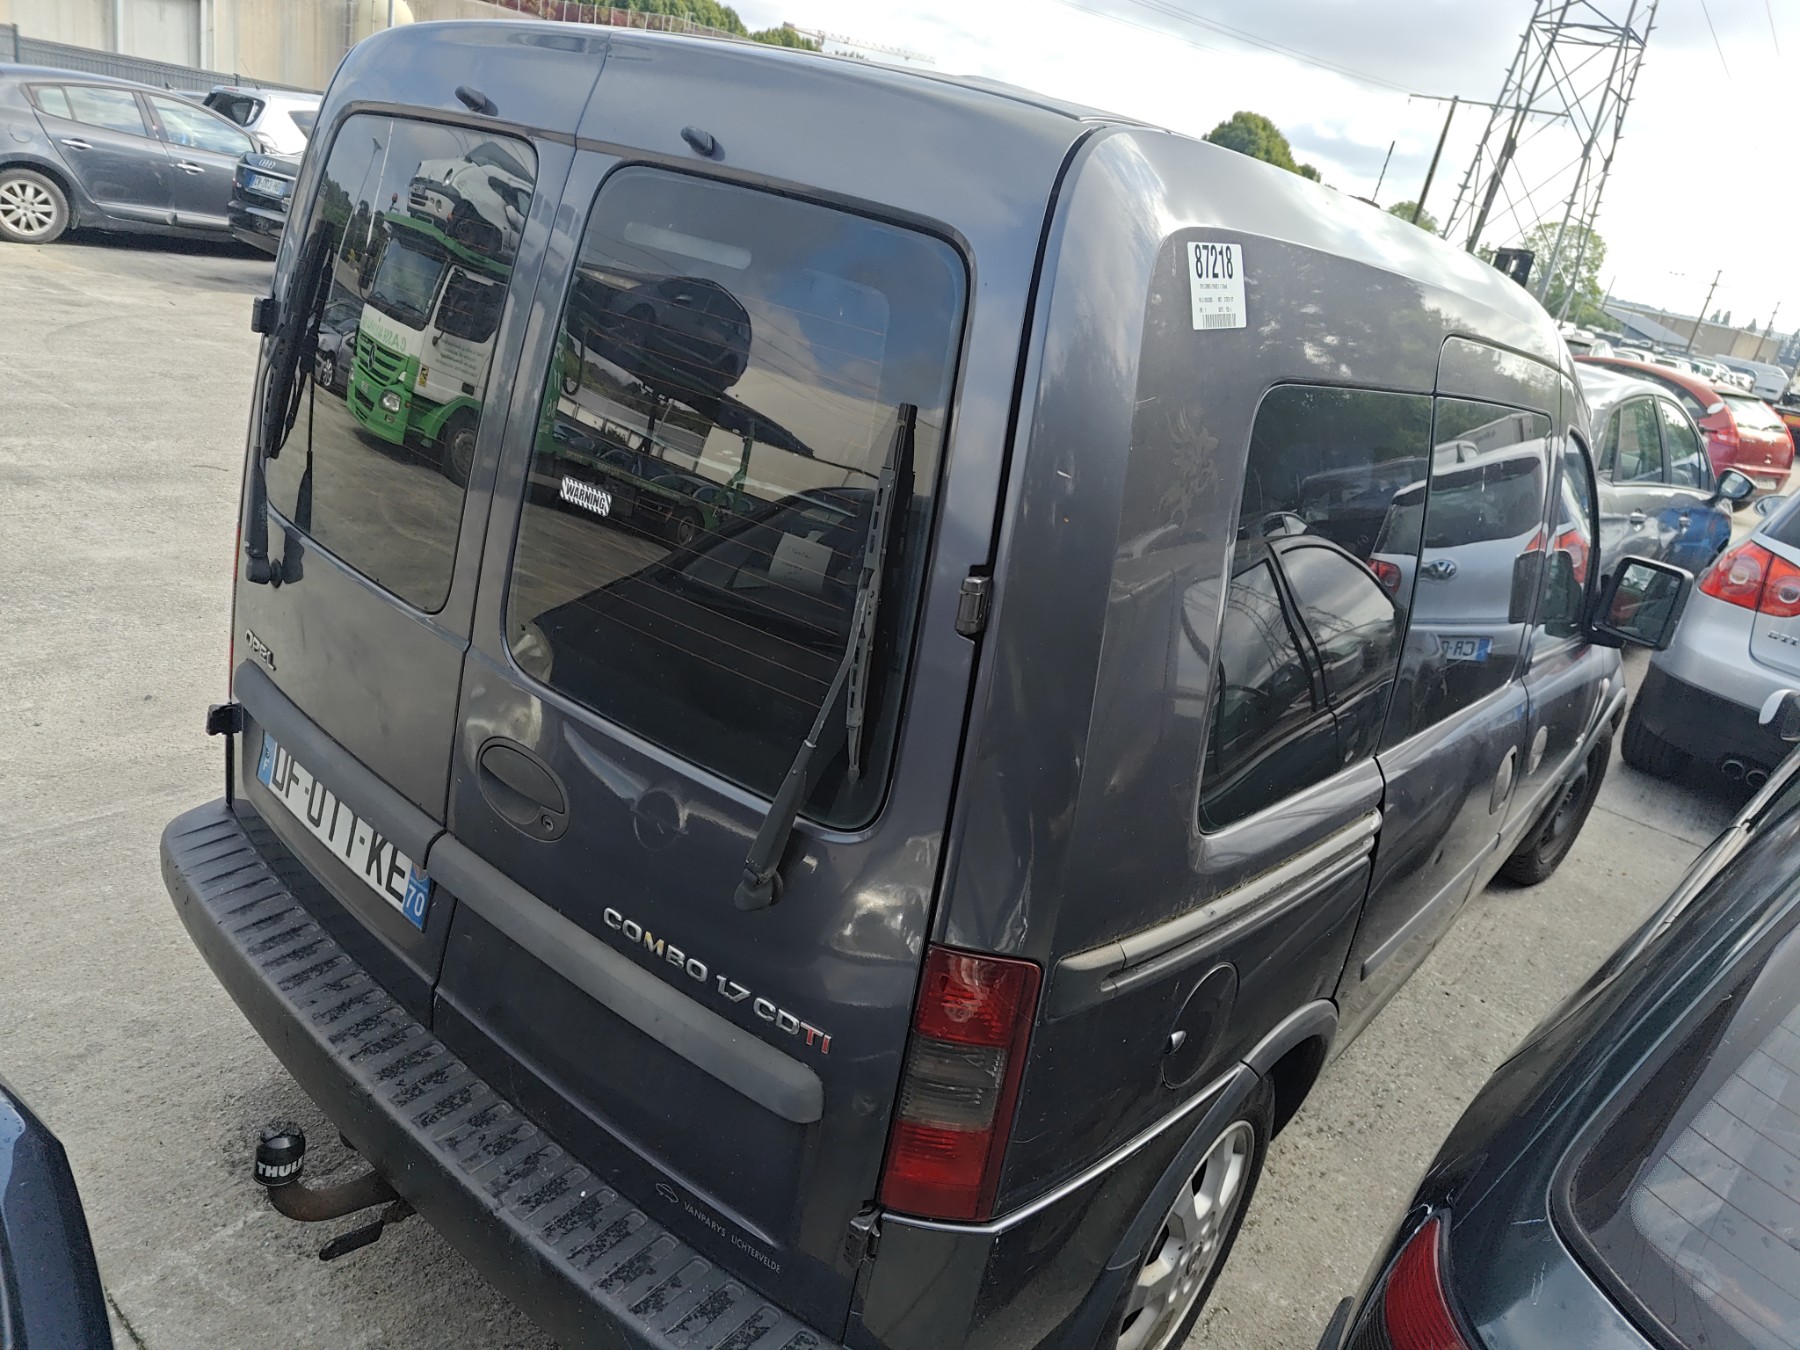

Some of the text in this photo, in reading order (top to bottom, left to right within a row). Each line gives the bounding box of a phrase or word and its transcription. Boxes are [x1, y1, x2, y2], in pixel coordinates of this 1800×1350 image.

[1194, 243, 1234, 280] 87218
[566, 482, 606, 510] WARNING
[245, 628, 276, 671] OPEL
[406, 884, 425, 917] 70
[603, 907, 708, 983] COMBO
[753, 997, 833, 1056] CDTI
[257, 1155, 303, 1177] THUL
[684, 1202, 781, 1274] VANPARYS LICHTERVELDE

What to work on. Repeat the listing exactly, pictures excluded.

Answer for this exercise.
Some of the text in this photo, in reading order (top to bottom, left to right within a row). Each line gives the bounding box of a phrase or word and its transcription. Boxes are [x1, y1, x2, y2], in pixel coordinates of this 1800×1350 image.

[1194, 243, 1234, 280] 87218
[566, 482, 606, 510] WARNING
[245, 628, 276, 671] OPEL
[406, 884, 425, 917] 70
[603, 907, 708, 983] COMBO
[753, 997, 833, 1056] CDTI
[257, 1155, 303, 1177] THUL
[684, 1202, 781, 1274] VANPARYS LICHTERVELDE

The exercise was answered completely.